Perhaps, instead, if we equate truth with this archetypal, goal-oriented conception of reality, then we can come to a reasonable conclusion about what constitutes truth: that which affords and drives us to action. That is to say that (capital-T) Truth, in the idealistic, rationalist sense, probably does not exist, and if it does, our five senses will never have the capacity to understand it. The best we can achieve and conceive is that which is true-enough. For what? For us to achieve our goals: survive, reproduce, and make ends meet, and if we are very sophisticated and open, to also introspect, to be honest with ourselves and others, and to live a moral and just life.

On the Categorization of Terms

It seems that, since he characterizes language as a whole rather than dealing with the nature of individual words, later-Wittgenstein denies the existence of classes of objects, and thus our accuracy in creating language about them. For example, instead of recognizing the chair as a chair, we would simply recognize the chair as that chair. If his view is accurate, then I think categorization would be better suited for proper nouns rather than objects such as a chair, because reference accuracy in these cases is naturally much more clear, i.e. apply names to named individuals (e.g. Ludwig Josef Johann Wittgenstein). There are many different forms that something we call a chair can take. Of course, as Wittgenstein would agree, there is an endless realm of possible connotations of ‘chair’, but there are certainly objects that we could exclude from the class of ‘chair’, such as a baseball, so there are some current methods of usage by which we must abide when speaking of a chair. However, with the exception of those cases that we can very obviously include and exclude from being connoted by ‘chair’, there are plenty other cases (e.g. a “chair” nailed upside down to the ceiling of an art gallery) that are not so obvious, despite their form or function. At least with individual persons, we know exactly what one is referring to when he mentions ‘Ludwig Josef Johann Wittgenstein’, and we know that he is excluding everything that is not Ludwig Josef Johann Wittgenstein. The line is more clear with proper names. With everything else, not so much. Therefore, categories are irrelevant from a philosophical standpoint and need not exist at all. They only exist within a specific context.

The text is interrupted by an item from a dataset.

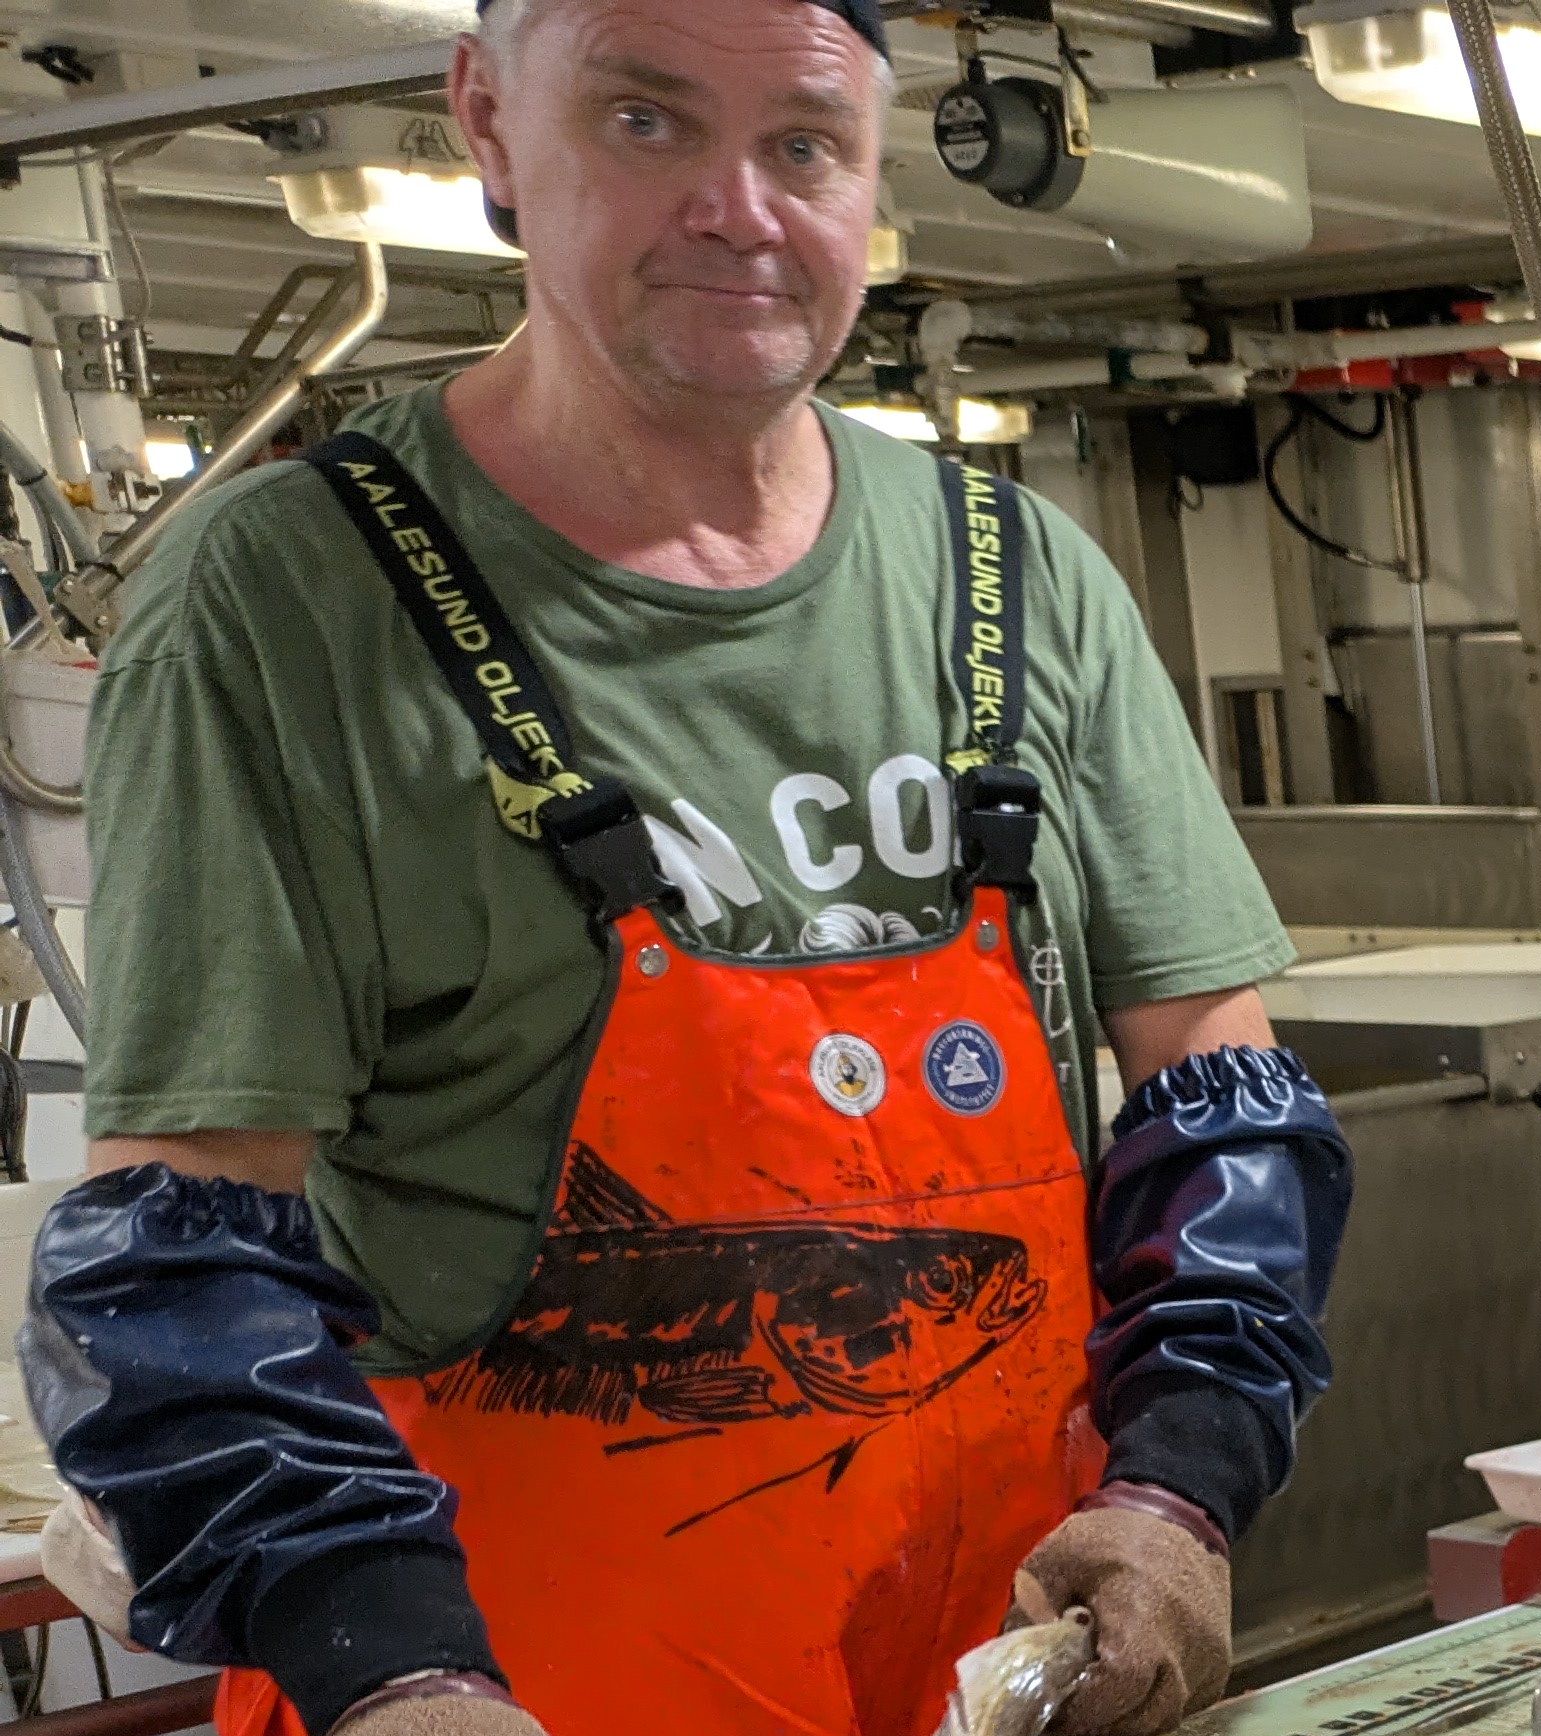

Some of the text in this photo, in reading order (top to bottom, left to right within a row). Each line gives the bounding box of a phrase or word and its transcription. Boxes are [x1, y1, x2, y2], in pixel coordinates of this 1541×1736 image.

However, more generally, if we apply the word ‘chair’ to a baseball, and if the majority of language-users, after using the term ‘chair’ to refer to a baseball by way of its constant usage in that context, eventually came to use ‘chair’ to connote a baseball (out of unconscious social habit, not conscious agreement), then this would have become an acceptable definition, or use, of ‘chair’. For now, this is not the case. If we used ‘chair’ to connote a baseball, we would not be adhering to chair’s current method of usage, and that usage would be rejected in a social and definitive light and thus in this philosophical one. Though, after much such usage, very gradually, and not at any one particular moment, ‘chair’ could certainly come to connote a baseball. It would, at that point, have become a collective social habit and therefore semantically correct.

Syntax = Semantics

Current Methods of Usage can be applied to both syntactical and semantic rules. In fact, it has deeper implications that there is very little difference, if any at all, between the functions of syntax and semantics.

We traditionally think of syntax as being the grammatical rules of language: punctuation, spelling, sentence structure, etc. Such rules formalize language so our expressions are precise and easily understood. Semantics, on the other hand, is supposed to deal with reference and connotation. The forms, but only the forms, of syntax and semantics are different. However, their functions (which is to say ‘their purpose’) point to the same thing: communication. One can arguably not exist without the other if effective communication is to occur. Syntax and semantics are dependent upon one another like two sides to the same coin. One side is not worth more than the other (as Tractatus would argue that syntax would carry more weight, and semantics is simply incidental). They are both necessary for communication, and therefore, equal in value, especially in spoken language. They are like categories, as described above, and therefore have no philosophical value per se.